Saved data entries
════

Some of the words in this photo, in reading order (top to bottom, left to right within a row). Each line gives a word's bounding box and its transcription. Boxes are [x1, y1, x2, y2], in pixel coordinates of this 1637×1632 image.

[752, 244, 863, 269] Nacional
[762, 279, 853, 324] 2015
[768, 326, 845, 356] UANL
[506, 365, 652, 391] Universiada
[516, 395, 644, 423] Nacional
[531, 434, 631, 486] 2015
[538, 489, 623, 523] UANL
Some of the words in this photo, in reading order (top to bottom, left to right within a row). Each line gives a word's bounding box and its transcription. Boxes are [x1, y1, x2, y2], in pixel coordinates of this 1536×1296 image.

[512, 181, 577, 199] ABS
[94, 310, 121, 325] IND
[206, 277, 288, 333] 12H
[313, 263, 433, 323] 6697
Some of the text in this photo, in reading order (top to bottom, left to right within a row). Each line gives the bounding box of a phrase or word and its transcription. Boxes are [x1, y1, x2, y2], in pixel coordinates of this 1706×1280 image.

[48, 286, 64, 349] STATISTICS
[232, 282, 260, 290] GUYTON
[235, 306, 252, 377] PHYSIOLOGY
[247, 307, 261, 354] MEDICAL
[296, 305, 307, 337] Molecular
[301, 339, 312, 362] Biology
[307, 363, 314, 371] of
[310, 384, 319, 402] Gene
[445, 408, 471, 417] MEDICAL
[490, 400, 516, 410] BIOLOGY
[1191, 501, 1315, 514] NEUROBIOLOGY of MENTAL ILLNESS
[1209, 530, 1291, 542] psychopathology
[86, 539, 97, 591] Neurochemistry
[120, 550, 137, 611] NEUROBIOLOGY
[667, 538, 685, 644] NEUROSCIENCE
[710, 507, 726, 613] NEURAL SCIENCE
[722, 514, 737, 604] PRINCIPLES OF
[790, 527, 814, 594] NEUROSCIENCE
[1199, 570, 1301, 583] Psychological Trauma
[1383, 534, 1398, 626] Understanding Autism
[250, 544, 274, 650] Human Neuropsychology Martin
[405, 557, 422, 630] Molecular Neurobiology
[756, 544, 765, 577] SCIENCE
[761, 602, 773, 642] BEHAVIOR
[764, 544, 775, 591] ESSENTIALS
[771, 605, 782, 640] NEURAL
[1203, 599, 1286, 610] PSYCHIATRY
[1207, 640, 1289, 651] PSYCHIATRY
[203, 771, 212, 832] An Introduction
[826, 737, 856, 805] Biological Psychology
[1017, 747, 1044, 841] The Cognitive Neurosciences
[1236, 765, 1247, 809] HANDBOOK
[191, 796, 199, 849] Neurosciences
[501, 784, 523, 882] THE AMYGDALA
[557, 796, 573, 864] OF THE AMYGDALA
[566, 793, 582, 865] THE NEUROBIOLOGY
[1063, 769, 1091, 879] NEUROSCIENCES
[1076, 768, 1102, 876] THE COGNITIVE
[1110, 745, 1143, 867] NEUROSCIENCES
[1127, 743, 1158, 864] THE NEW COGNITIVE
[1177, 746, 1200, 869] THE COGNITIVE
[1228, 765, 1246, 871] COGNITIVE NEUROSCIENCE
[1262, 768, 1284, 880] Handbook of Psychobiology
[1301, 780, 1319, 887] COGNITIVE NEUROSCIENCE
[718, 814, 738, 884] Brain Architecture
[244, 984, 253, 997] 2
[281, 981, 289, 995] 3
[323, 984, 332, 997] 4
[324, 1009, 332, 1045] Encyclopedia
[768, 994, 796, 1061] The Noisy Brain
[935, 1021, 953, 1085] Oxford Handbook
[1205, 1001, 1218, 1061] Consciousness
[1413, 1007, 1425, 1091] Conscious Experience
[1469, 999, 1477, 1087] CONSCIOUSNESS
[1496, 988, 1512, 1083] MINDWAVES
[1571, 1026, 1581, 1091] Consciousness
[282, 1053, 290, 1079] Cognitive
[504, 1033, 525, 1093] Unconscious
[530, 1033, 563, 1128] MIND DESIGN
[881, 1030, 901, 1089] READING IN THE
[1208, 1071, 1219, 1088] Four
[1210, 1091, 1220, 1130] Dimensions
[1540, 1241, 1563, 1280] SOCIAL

════

• WHAT IS BEING ASKED: Reproduce the entries above in full, precisely as written.

• TASK OUTPUT:
Some of the words in this photo, in reading order (top to bottom, left to right within a row). Each line gives a word's bounding box and its transcription. Boxes are [x1, y1, x2, y2], in pixel coordinates of this 1637×1632 image.

[752, 244, 863, 269] Nacional
[762, 279, 853, 324] 2015
[768, 326, 845, 356] UANL
[506, 365, 652, 391] Universiada
[516, 395, 644, 423] Nacional
[531, 434, 631, 486] 2015
[538, 489, 623, 523] UANL
Some of the words in this photo, in reading order (top to bottom, left to right within a row). Each line gives a word's bounding box and its transcription. Boxes are [x1, y1, x2, y2], in pixel coordinates of this 1536×1296 image.

[512, 181, 577, 199] ABS
[94, 310, 121, 325] IND
[206, 277, 288, 333] 12H
[313, 263, 433, 323] 6697
Some of the text in this photo, in reading order (top to bottom, left to right within a row). Each line gives the bounding box of a phrase or word and its transcription. Boxes are [x1, y1, x2, y2], in pixel coordinates of this 1706×1280 image.

[48, 286, 64, 349] STATISTICS
[232, 282, 260, 290] GUYTON
[235, 306, 252, 377] PHYSIOLOGY
[247, 307, 261, 354] MEDICAL
[296, 305, 307, 337] Molecular
[301, 339, 312, 362] Biology
[307, 363, 314, 371] of
[310, 384, 319, 402] Gene
[445, 408, 471, 417] MEDICAL
[490, 400, 516, 410] BIOLOGY
[1191, 501, 1315, 514] NEUROBIOLOGY of MENTAL ILLNESS
[1209, 530, 1291, 542] psychopathology
[86, 539, 97, 591] Neurochemistry
[120, 550, 137, 611] NEUROBIOLOGY
[667, 538, 685, 644] NEUROSCIENCE
[710, 507, 726, 613] NEURAL SCIENCE
[722, 514, 737, 604] PRINCIPLES OF
[790, 527, 814, 594] NEUROSCIENCE
[1199, 570, 1301, 583] Psychological Trauma
[1383, 534, 1398, 626] Understanding Autism
[250, 544, 274, 650] Human Neuropsychology Martin
[405, 557, 422, 630] Molecular Neurobiology
[756, 544, 765, 577] SCIENCE
[761, 602, 773, 642] BEHAVIOR
[764, 544, 775, 591] ESSENTIALS
[771, 605, 782, 640] NEURAL
[1203, 599, 1286, 610] PSYCHIATRY
[1207, 640, 1289, 651] PSYCHIATRY
[203, 771, 212, 832] An Introduction
[826, 737, 856, 805] Biological Psychology
[1017, 747, 1044, 841] The Cognitive Neurosciences
[1236, 765, 1247, 809] HANDBOOK
[191, 796, 199, 849] Neurosciences
[501, 784, 523, 882] THE AMYGDALA
[557, 796, 573, 864] OF THE AMYGDALA
[566, 793, 582, 865] THE NEUROBIOLOGY
[1063, 769, 1091, 879] NEUROSCIENCES
[1076, 768, 1102, 876] THE COGNITIVE
[1110, 745, 1143, 867] NEUROSCIENCES
[1127, 743, 1158, 864] THE NEW COGNITIVE
[1177, 746, 1200, 869] THE COGNITIVE
[1228, 765, 1246, 871] COGNITIVE NEUROSCIENCE
[1262, 768, 1284, 880] Handbook of Psychobiology
[1301, 780, 1319, 887] COGNITIVE NEUROSCIENCE
[718, 814, 738, 884] Brain Architecture
[244, 984, 253, 997] 2
[281, 981, 289, 995] 3
[323, 984, 332, 997] 4
[324, 1009, 332, 1045] Encyclopedia
[768, 994, 796, 1061] The Noisy Brain
[935, 1021, 953, 1085] Oxford Handbook
[1205, 1001, 1218, 1061] Consciousness
[1413, 1007, 1425, 1091] Conscious Experience
[1469, 999, 1477, 1087] CONSCIOUSNESS
[1496, 988, 1512, 1083] MINDWAVES
[1571, 1026, 1581, 1091] Consciousness
[282, 1053, 290, 1079] Cognitive
[504, 1033, 525, 1093] Unconscious
[530, 1033, 563, 1128] MIND DESIGN
[881, 1030, 901, 1089] READING IN THE
[1208, 1071, 1219, 1088] Four
[1210, 1091, 1220, 1130] Dimensions
[1540, 1241, 1563, 1280] SOCIAL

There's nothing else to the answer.